Elena Makarova tells her story.
Elena Makarova cuenta su historia.

Como todo esto era falso, entendí desde el principio que la fiscalía tenía una orden o una misión: acusar a Konstantin Rudnev a cualquier costo y atribuirle algún crimen terrible. Me parecía profundamente injusto, pero mientras seguía en Argentina tenía miedo de declarar contra la fiscalía. Solo después de volver a Rusia decidí contar la verdad. Incluso abrí un canal de YouTube para compartir todo lo que me había pasado en Argentina, porque callar habría significado aceptar la narrativa falsa que me impusieron.

Más tarde, mi abogado me dijo que un fiscal llamado Fernando Arrigo desempeñó un papel clave en la fabricación de la causa contra Rudnev. Fue él quien dio todas las órdenes para mantenerme en condiciones inhumanas. Ordenó que me intimidaran por cualquier medio necesario para sacarme declaraciones contra Rudnev. Él organizó toda esta causa. Los hechos posteriores lo confirmaron. Arrigo incluso abrió una causa penal contra mi abogado y solicitó una orden de allanamiento y el secuestro de sus pertenencias personales y de sus teléfonos. Por eso presenté una denuncia contra él y contra los demás fiscales que cometieron todos estos abusos. Ahora quiero impugnar esta historia falsificada.

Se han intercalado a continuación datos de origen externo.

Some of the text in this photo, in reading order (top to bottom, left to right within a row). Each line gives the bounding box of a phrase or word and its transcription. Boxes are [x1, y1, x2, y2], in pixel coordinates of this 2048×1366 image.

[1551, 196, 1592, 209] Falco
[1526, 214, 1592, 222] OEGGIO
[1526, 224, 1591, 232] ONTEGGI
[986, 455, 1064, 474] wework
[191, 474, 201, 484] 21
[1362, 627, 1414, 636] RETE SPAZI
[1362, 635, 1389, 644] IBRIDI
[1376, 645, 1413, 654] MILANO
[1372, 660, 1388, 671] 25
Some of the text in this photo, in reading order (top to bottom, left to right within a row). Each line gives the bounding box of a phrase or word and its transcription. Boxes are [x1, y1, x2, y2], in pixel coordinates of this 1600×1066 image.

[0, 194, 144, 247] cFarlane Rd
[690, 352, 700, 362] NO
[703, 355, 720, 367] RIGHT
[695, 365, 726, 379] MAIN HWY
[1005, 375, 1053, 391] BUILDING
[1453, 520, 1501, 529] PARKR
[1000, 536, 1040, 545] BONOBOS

Soy consciente de que los fiscales insisten en que encontraron en mi teléfono incautado uno o más mensajes de una mujer que supuestamente me decía que “mintiera” y negara haber conocido a Rudnev o a su “organización”. No tengo idea de qué hablan. O hay un problema con las traducciones del ruso —lo cual no sería la primera vez en mi caso— o no puedo explicar cómo esos mensajes llegaron a mi teléfono. Vivo en un país donde dejar mensajes incriminatorios en los teléfonos es, lamentablemente, una estrategia conocida de la policía o de los servicios de inteligencia. No puedo descartar que haya ocurrido algo similar.

Me llaman víctima en la causa argentina, pero no soy víctima de nadie, salvo de los fiscales argentinos, contra quienes presenté una denuncia. Dicen que, si niego ser víctima, es porque estoy “lavada de cerebro” o bajo “control coercitivo” de Rudnev, quien supuestamente ha podido controlarme durante varios meses desde una prisión de alta seguridad en Argentina, mientras yo estoy en Rusia, en mi casa, con mi hijo. Esto es absurdo. También es profundamente irrespetuoso. O digo lo que ellos quieren escuchar —pero no es verdad—, o soy tratada como una “zombi manipulada” o como una criminal. Exijo respeto por mi identidad y mi autonomía como mujer libre. Exijo que me dejen en paz para poder cuidar a mi hijo.

Escribí este artículo no porque quiera revivir el trauma, sino porque quiero que se conozca la verdad. Quiero que mi nombre deje de usarse en narrativas que no tienen nada que ver con mi vida. Quiero proteger el futuro de mi hijo. Y, por encima de todo, quiero recuperar mi voz, que me fue arrebatada en Argentina y que ahora afirmo, clara y inequívocamente, desde mi hogar en Rusia.